Last updated 7:01am Wednesday 25 March 2026 AEDT

Paul J. Berating

Australian Politics, Unfiltered. Sardonic Commentary Inspired By Australia's Greatest PM 🤬🇦🇺


Today's Top Stories

The GST isn't broken — it was bent, on purpose, and the receipt's now due

A deal to placate Western Australian anger over GST distribution has become a $60 billion drain on the federal budget, with NSW and Victoria bearing the cost of a system rigged to buy political peace.

The GST was designed as a national tax, then rigged into a protection racket for whichever state screams loudest. Western Australia threw a tantrum over its mining boom windfall being shared, so Canberra gave them a floor deal that turned the whole distribution into a funnel pointing west. Now NSW and Victoria subsidise the federation while being told they're the privileged ones. It's not fiscal equalisation — it's a sixty-billion-dollar hush payment on a rolling invoice.

Chalmers tells business to brace, having built nothing to brace against

The Treasurer warns CEOs not to price in Middle East peace too early, conceding Australia's economic exposure depends entirely on the duration and aftermath of a conflict it has no influence over.

Chalmers telling CEOs not to get ahead of themselves on peace is like a bookie advising punters not to celebrate before the third leg of the multi — technically sound, professionally obligatory, and entirely beside the point when the real problem is that Australia's entire economic strategy is a bet slip written in someone else's handwriting. The degree of damage doesn't depend on how long the war lasts. It depends on how long we keep pretending exposure to every global shock is an act of God rather than a policy choice.

Von der Leyen brings the diagnosis; Australia offers biscuits

European Commission President Ursula von der Leyen visited Australia with a stark warning about global instability, sweetened with cultural pleasantries about flat whites and pavlovas — a diplomatic sugar-coating that may say more about the audience than the messenger.

Von der Leyen flew fourteen thousand kilometres to tell Australia what it already knows but won't say aloud — the rules-based order is copping a hiding and the flat white isn't going to fix it. She wrapped the warning in pavlova jokes because that's what you do when the host country treats diplomacy like a wine-and-cheese night. 'Brutal, harsh, unforgiving' describes the geopolitical moment, but it also describes the gap between Australia's strategic ambitions and its attention span.

Brussels Discovers Australia Exists After Eight Years of Not Returning Calls

European Commission President Ursula von der Leyen visits Canberra to finalise the long-stalled Australia-EU free trade agreement, becoming the first woman to address a joint sitting of parliament.

It took eight years to negotiate a trade deal with a continent that was, until last month, perfectly happy to ignore us. Trump slaps tariffs on Europe and suddenly Brussels discovers Australia exists — von der Leyen didn't fly eighteen thousand kilometres for our company, she flew to diversify her options. We're not the bride at this wedding. We're the rebound.

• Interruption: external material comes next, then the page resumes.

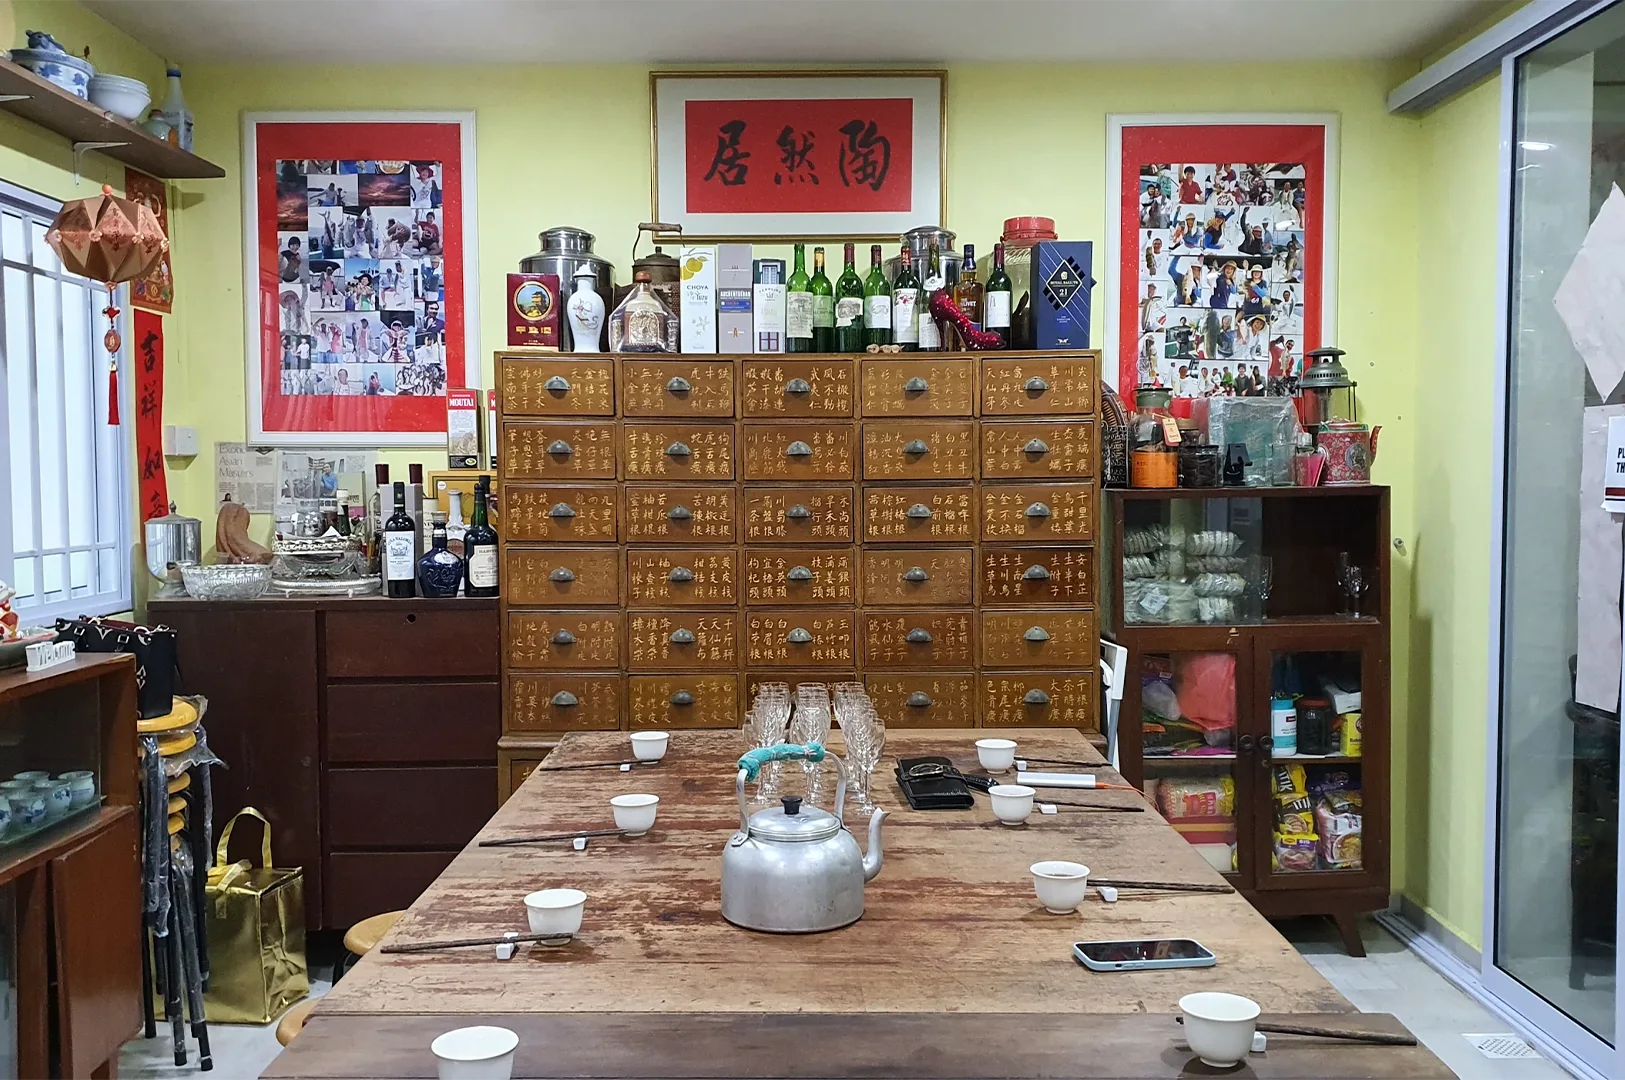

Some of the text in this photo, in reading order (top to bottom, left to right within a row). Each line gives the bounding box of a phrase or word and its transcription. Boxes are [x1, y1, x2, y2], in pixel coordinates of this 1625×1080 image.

[1059, 288, 1068, 296] 21
[449, 398, 474, 407] MOUTAI
[219, 467, 254, 477] Masters

Australia's gas belongs to all of us — so why are we paying retail for our own resources?

Rod Sims argues the Albanese government must go beyond temporary levies and fix Australia's chronic undertaxation of gas producers, who extract public resources while paying some of the lowest effective tax rates in the world.

Australia's gas resources belong to the public the way a pub belongs to its regulars — except these regulars pay nothing at the bar and take the till home. The petroleum resource rent tax was designed with more loopholes than a knitting factory, and every government since has watched the revenue vanish and called it policy. Rod Sims is right, but the scandal isn't that it took a crisis to act — it's that the crisis was always there, sitting in the accounts, wearing a tie.

Government reaches for the bandaid as the patient bleeds fuel

Australia fast-tracks support for truck drivers as the Middle East conflict sends fuel prices surging and petrol stations run dry, exposing the country's chronic dependence on imported fuel.

Fast-tracking support for truckies is like handing out umbrellas in a flood — decent of you, but it concedes you never built the levee. The fuel crisis isn't a trucking problem; it's a sovereignty problem wearing high-vis. Every dollar spent cushioning the impact of a supply chain we don't control is a dollar confirming we chose not to control it. The government isn't managing a crisis — it's managing the optics of one.

The Newspaper Publishes Its Own Autopsy, Daily

SMH and The Age run their daily roundup of political cartoons as a standalone news article — a format that says more about the state of political journalism than any of the cartoons inside it.

When a masthead runs a daily cartoon roundup as a news article, it's not curation — it's a newspaper publishing its own X-ray. The images are doing the diagnostic work the prose abandoned somewhere between the paywall and the fifteenth sponsored content partnership. You don't file 'best of cartoons' when the rest of the paper is landing punches. You file it when the cartoons are the only section that isn't pulling them.